## Images for object localization

+===+

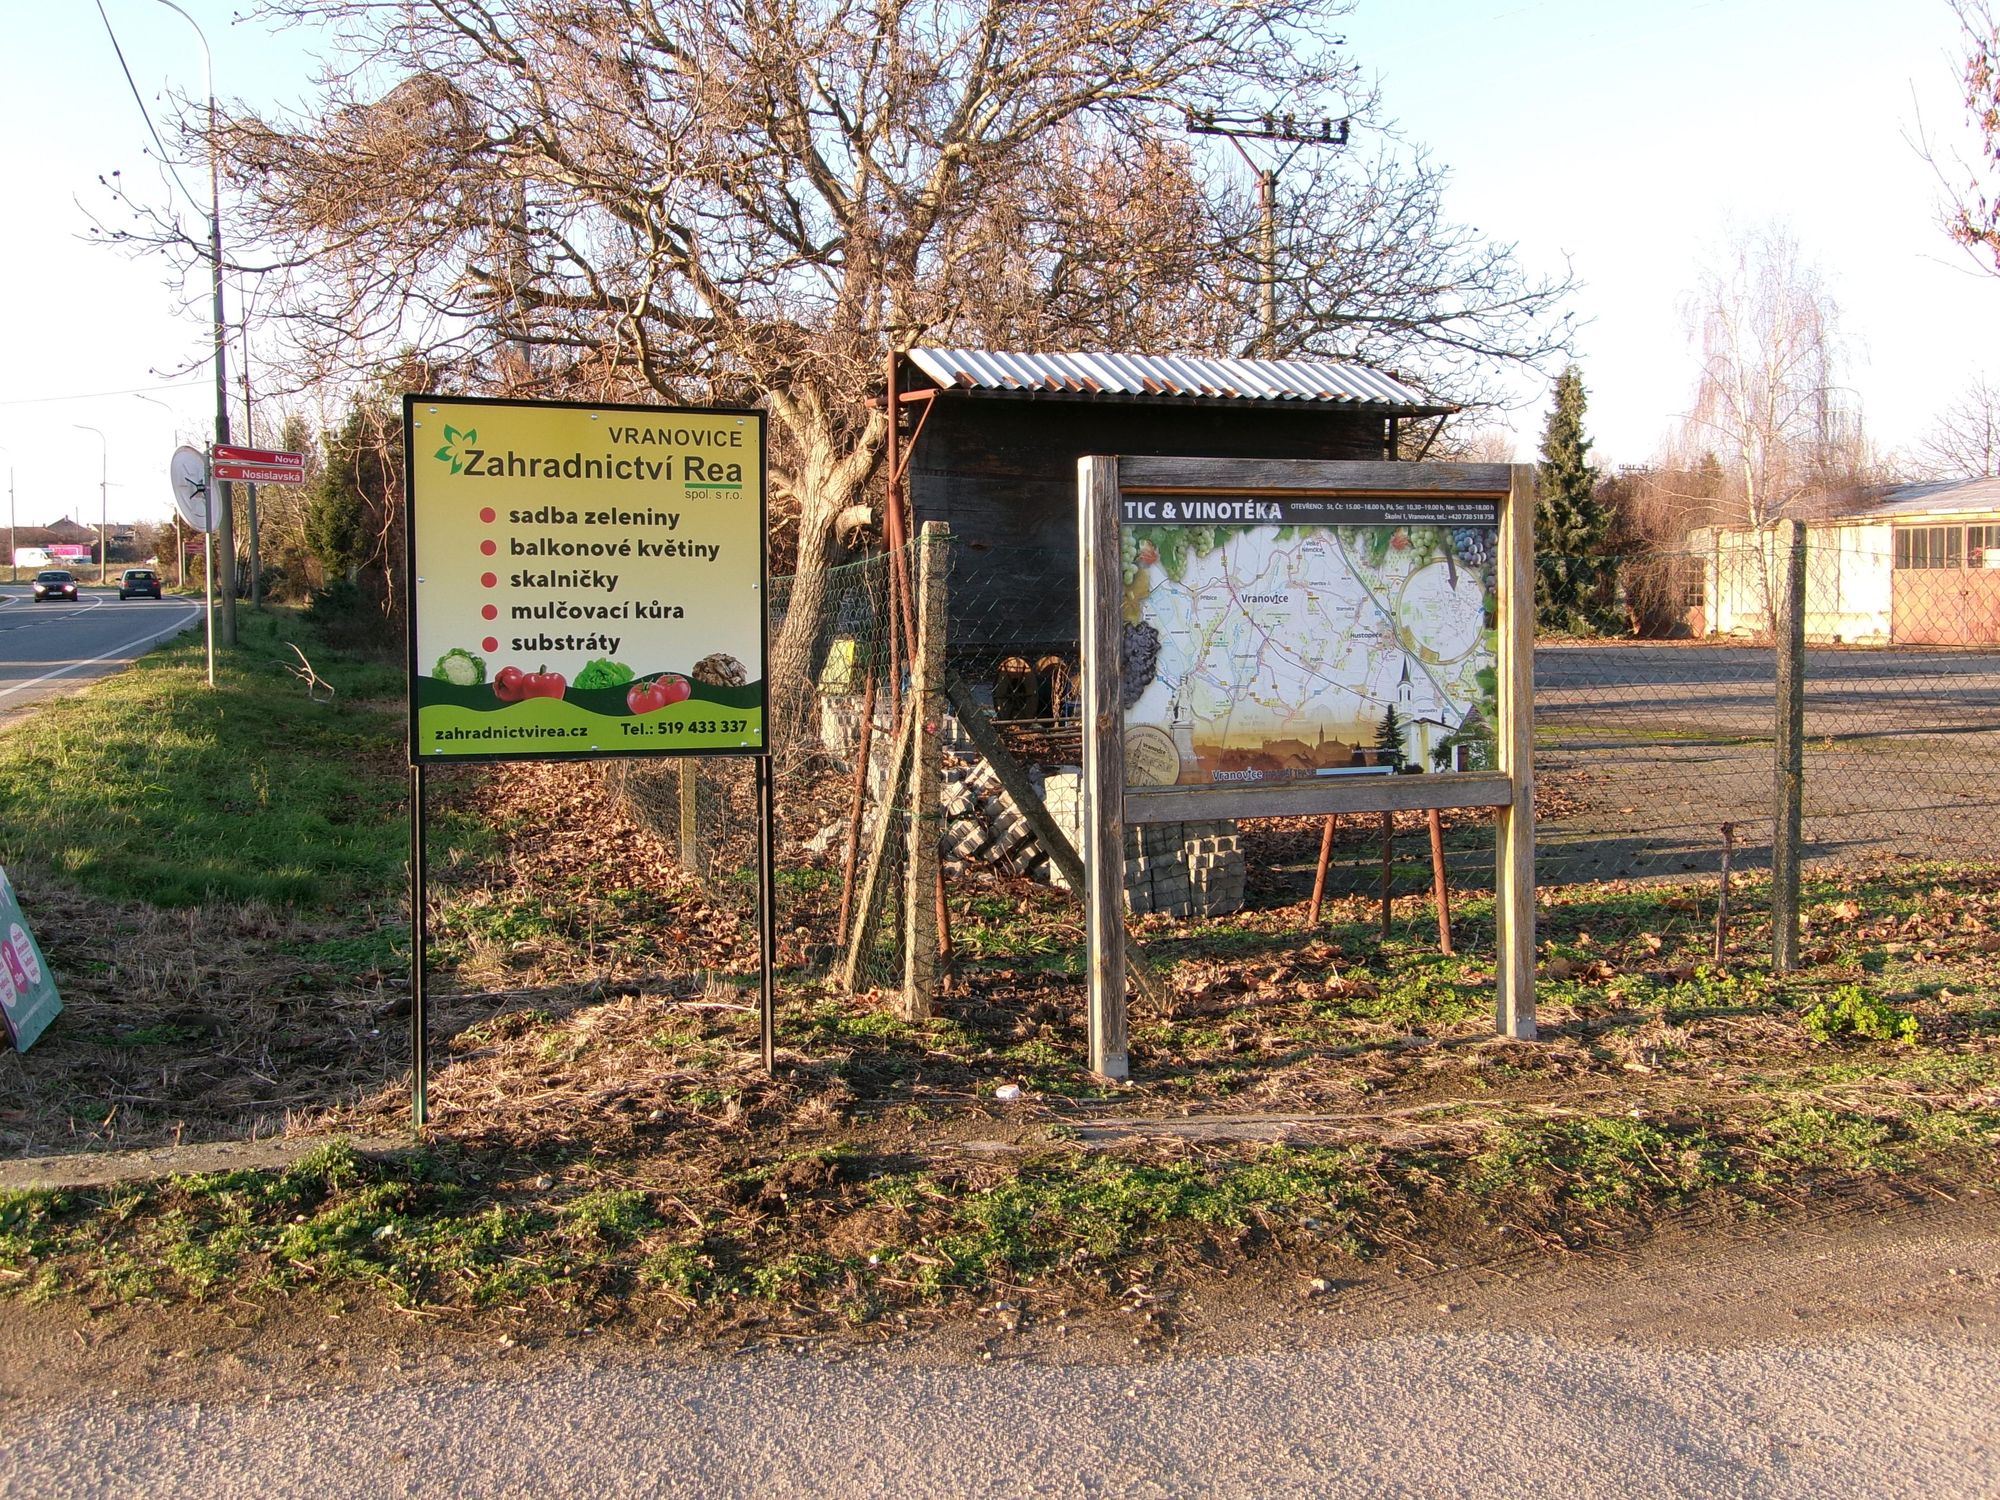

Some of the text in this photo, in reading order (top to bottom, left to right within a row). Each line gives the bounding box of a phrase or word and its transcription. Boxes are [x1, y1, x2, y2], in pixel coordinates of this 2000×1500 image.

[608, 426, 743, 448] VRANOVICE
[274, 455, 300, 464] Nová
[463, 449, 743, 482] Zahradnictví Rea
[242, 469, 301, 482] Nosislavská
[684, 488, 743, 501] spol. s r.o.
[1124, 499, 1283, 519] TIC & VINOTÉKA
[1290, 502, 1324, 510] OTEVŘENO:
[509, 506, 681, 530] sadba zeleniny
[510, 538, 720, 562] balkonové květiny
[510, 569, 619, 592] skalničky
[1241, 592, 1289, 604] Vranovice
[511, 600, 685, 620] mulčovací kůra
[511, 633, 621, 655] substráty
[435, 720, 748, 740] zahradnictvirea.cz Tel.: 519 433 337
[1212, 767, 1263, 781] Vranovice
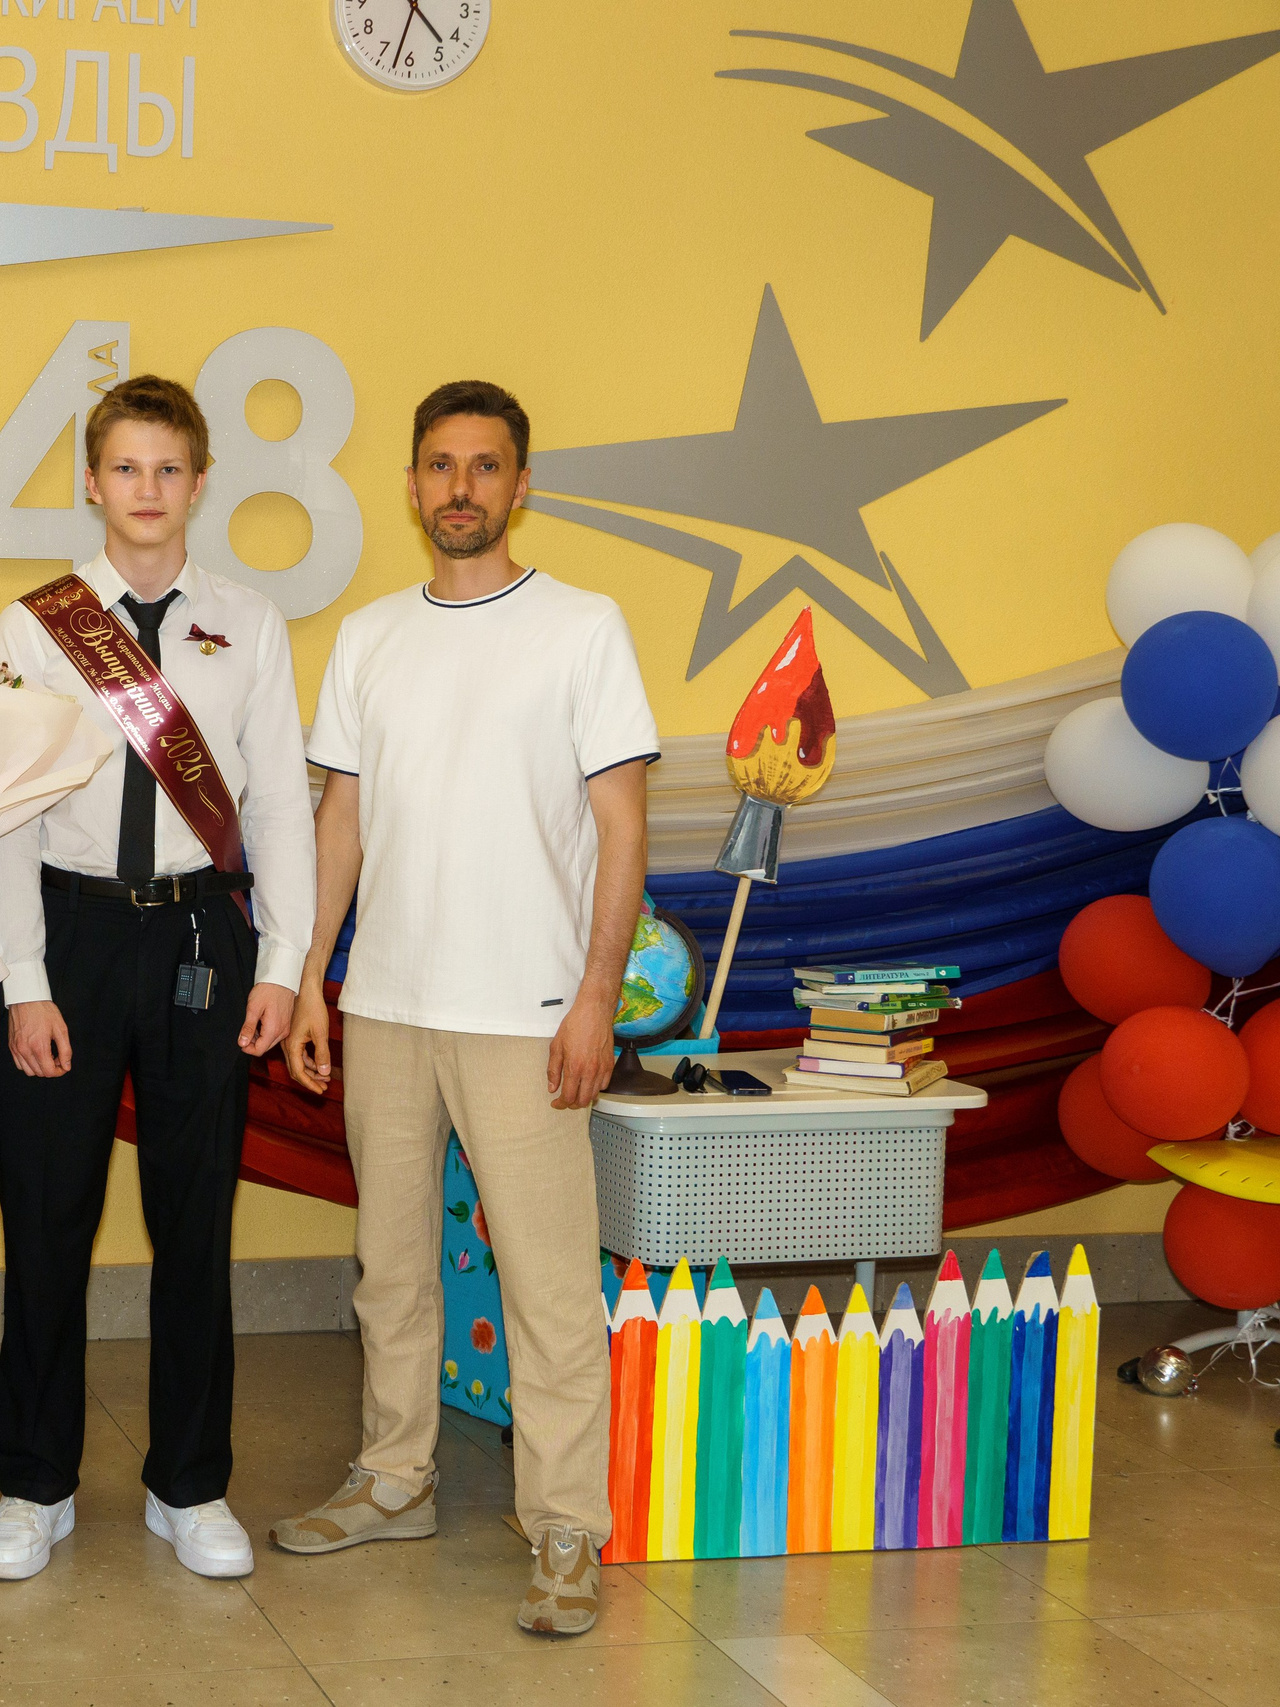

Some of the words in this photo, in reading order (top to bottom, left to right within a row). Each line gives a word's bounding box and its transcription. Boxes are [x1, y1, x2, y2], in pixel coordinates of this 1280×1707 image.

[460, 3, 469, 19] 3
[364, 19, 373, 35] 8
[450, 27, 460, 42] 4
[380, 41, 390, 57] 7
[433, 46, 444, 62] 5
[404, 51, 415, 67] 6
[35, 597, 45, 606] 11
[54, 582, 74, 594] класс
[55, 626, 78, 648] МАОУ
[73, 650, 91, 667] СОШ
[87, 668, 98, 678] №
[95, 676, 104, 686] 48
[70, 607, 164, 727] Выпускник
[150, 682, 174, 712] Михаил
[157, 727, 212, 782] 2026
[860, 971, 909, 981] ЛИТЕРАТУРА

+===+

## Action item
We ask that the entries above be copied exactly, with the pictures omitted.

## Solution to this problem
Some of the text in this photo, in reading order (top to bottom, left to right within a row). Each line gives the bounding box of a phrase or word and its transcription. Boxes are [x1, y1, x2, y2], in pixel coordinates of this 2000×1500 image.

[608, 426, 743, 448] VRANOVICE
[274, 455, 300, 464] Nová
[463, 449, 743, 482] Zahradnictví Rea
[242, 469, 301, 482] Nosislavská
[684, 488, 743, 501] spol. s r.o.
[1124, 499, 1283, 519] TIC & VINOTÉKA
[1290, 502, 1324, 510] OTEVŘENO:
[509, 506, 681, 530] sadba zeleniny
[510, 538, 720, 562] balkonové květiny
[510, 569, 619, 592] skalničky
[1241, 592, 1289, 604] Vranovice
[511, 600, 685, 620] mulčovací kůra
[511, 633, 621, 655] substráty
[435, 720, 748, 740] zahradnictvirea.cz Tel.: 519 433 337
[1212, 767, 1263, 781] Vranovice

Some of the words in this photo, in reading order (top to bottom, left to right within a row). Each line gives a word's bounding box and its transcription. Boxes are [x1, y1, x2, y2], in pixel coordinates of this 1280×1707 image.

[460, 3, 469, 19] 3
[364, 19, 373, 35] 8
[450, 27, 460, 42] 4
[380, 41, 390, 57] 7
[433, 46, 444, 62] 5
[404, 51, 415, 67] 6
[35, 597, 45, 606] 11
[54, 582, 74, 594] класс
[55, 626, 78, 648] МАОУ
[73, 650, 91, 667] СОШ
[87, 668, 98, 678] №
[95, 676, 104, 686] 48
[70, 607, 164, 727] Выпускник
[150, 682, 174, 712] Михаил
[157, 727, 212, 782] 2026
[860, 971, 909, 981] ЛИТЕРАТУРА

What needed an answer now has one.